[ENTRIES SUPPLIED — start]

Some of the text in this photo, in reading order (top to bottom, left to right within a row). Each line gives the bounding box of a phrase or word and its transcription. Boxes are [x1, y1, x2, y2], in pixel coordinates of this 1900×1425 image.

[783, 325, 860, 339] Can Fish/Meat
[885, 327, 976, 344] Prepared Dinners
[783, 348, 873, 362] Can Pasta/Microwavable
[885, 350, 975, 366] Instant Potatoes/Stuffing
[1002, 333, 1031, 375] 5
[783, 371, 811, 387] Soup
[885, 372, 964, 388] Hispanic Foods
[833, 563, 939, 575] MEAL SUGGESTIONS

[ENTRIES SUPPLIED — finish]

• WHAT IS NEEDED: Output the whole of the material above, exactly.

• RESPONSE:
Some of the text in this photo, in reading order (top to bottom, left to right within a row). Each line gives the bounding box of a phrase or word and its transcription. Boxes are [x1, y1, x2, y2], in pixel coordinates of this 1900×1425 image.

[783, 325, 860, 339] Can Fish/Meat
[885, 327, 976, 344] Prepared Dinners
[783, 348, 873, 362] Can Pasta/Microwavable
[885, 350, 975, 366] Instant Potatoes/Stuffing
[1002, 333, 1031, 375] 5
[783, 371, 811, 387] Soup
[885, 372, 964, 388] Hispanic Foods
[833, 563, 939, 575] MEAL SUGGESTIONS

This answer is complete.